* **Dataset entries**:
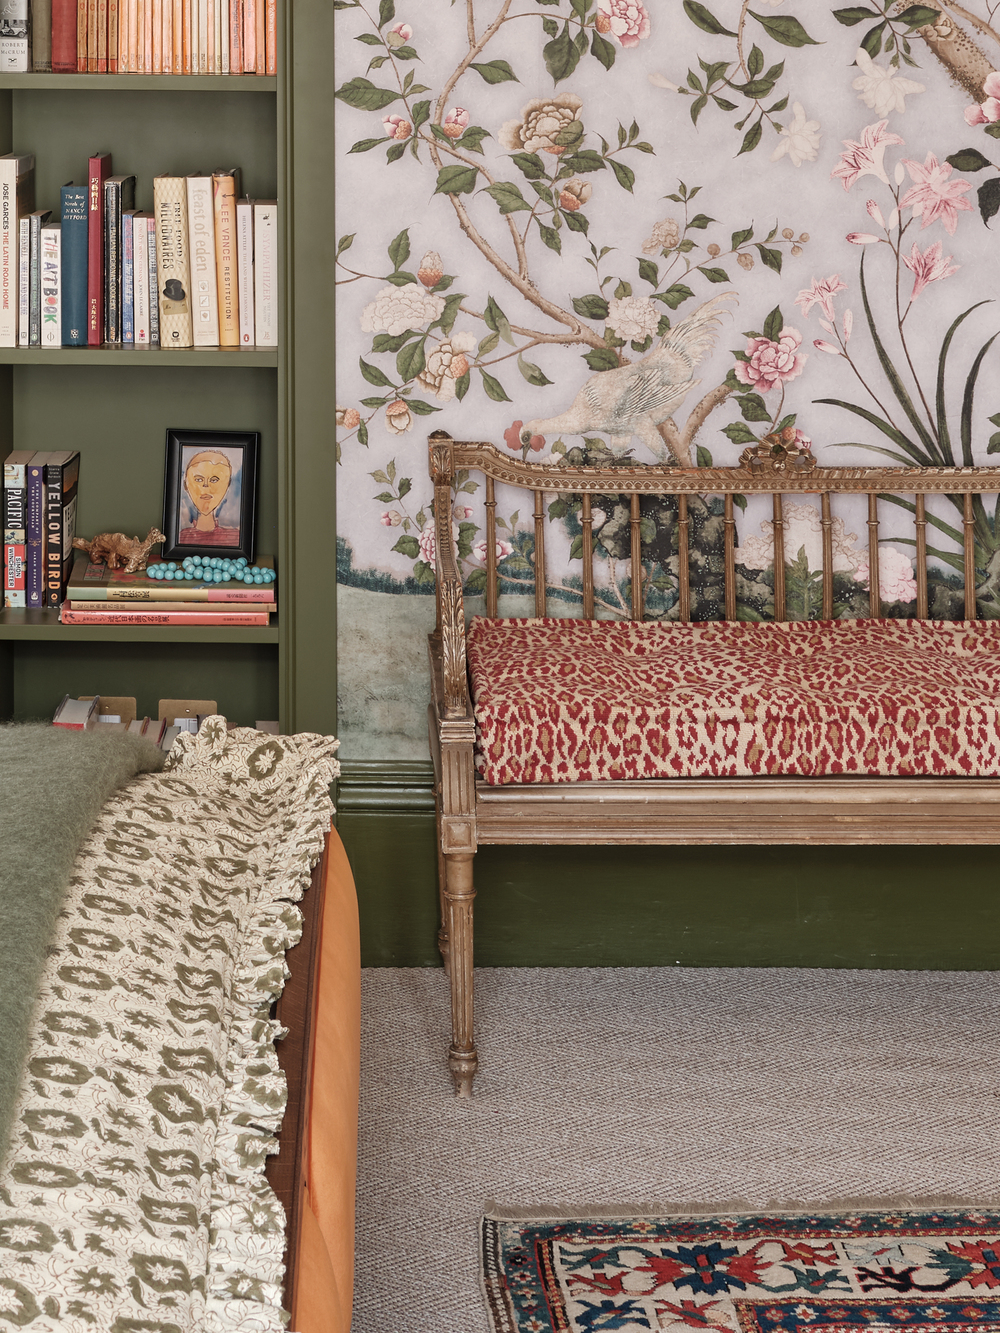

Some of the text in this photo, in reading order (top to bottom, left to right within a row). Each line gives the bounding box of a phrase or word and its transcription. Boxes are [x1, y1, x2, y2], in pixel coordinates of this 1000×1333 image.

[161, 202, 174, 270] MILLIONAIRES
[174, 202, 182, 257] FREE FOOD
[192, 189, 210, 272] feast of eden
[221, 204, 232, 320] LEE VANCE RESTITUTION
[262, 233, 271, 301] SYMPATHIZER
[43, 233, 58, 324] THE ART BOOK
[7, 488, 22, 529] PACIFIC
[48, 482, 61, 590] YELLOW BIRD
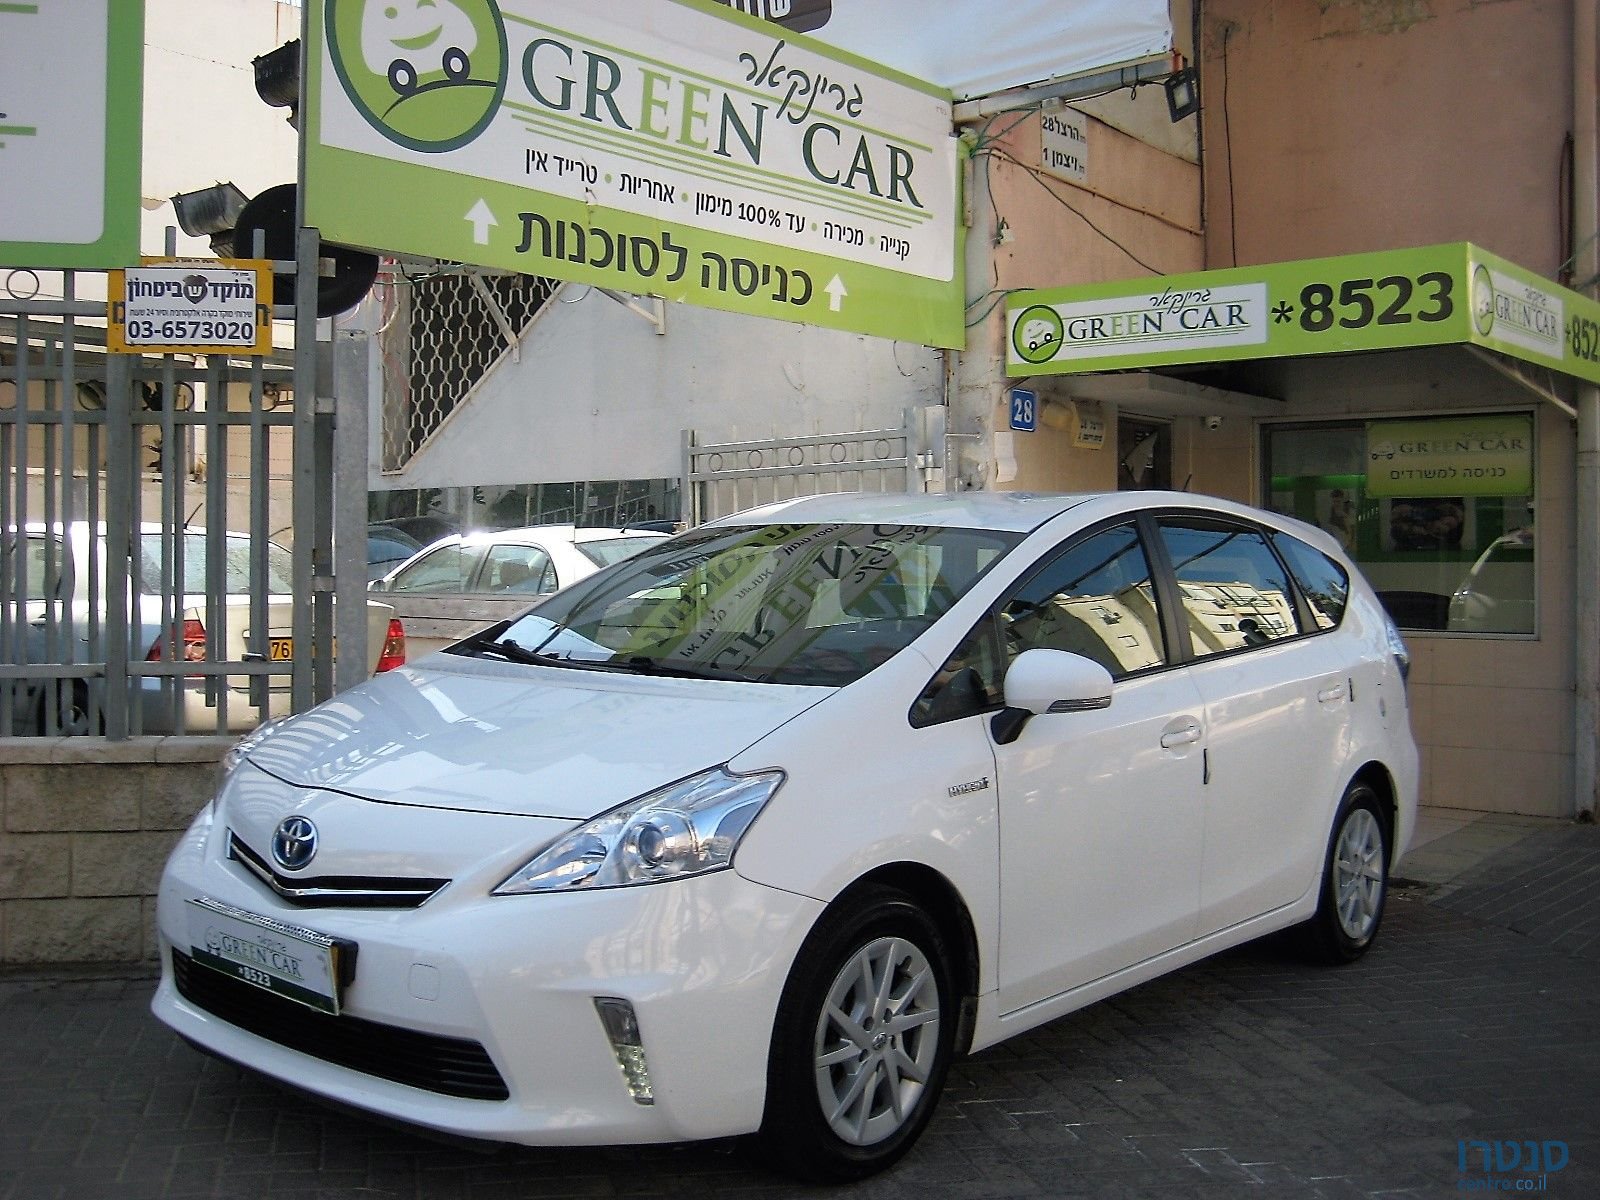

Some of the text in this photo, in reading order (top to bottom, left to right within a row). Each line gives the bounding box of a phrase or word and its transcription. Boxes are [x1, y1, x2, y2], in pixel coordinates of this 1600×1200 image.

* **Task**: Give the entries above again in full and exactly, but not the pictures.

* **Response to the exercise**:
Some of the text in this photo, in reading order (top to bottom, left to right within a row). Each line gives the bounding box of a phrase or word and its transcription. Boxes are [x1, y1, x2, y2], in pixel coordinates of this 1000×1333 image.

[161, 202, 174, 270] MILLIONAIRES
[174, 202, 182, 257] FREE FOOD
[192, 189, 210, 272] feast of eden
[221, 204, 232, 320] LEE VANCE RESTITUTION
[262, 233, 271, 301] SYMPATHIZER
[43, 233, 58, 324] THE ART BOOK
[7, 488, 22, 529] PACIFIC
[48, 482, 61, 590] YELLOW BIRD

Some of the text in this photo, in reading order (top to bottom, left to right within a row). Each line gives the bounding box of a phrase or word and its transcription. Boxes are [x1, y1, x2, y2], in pixel coordinates of this 1600×1200 image.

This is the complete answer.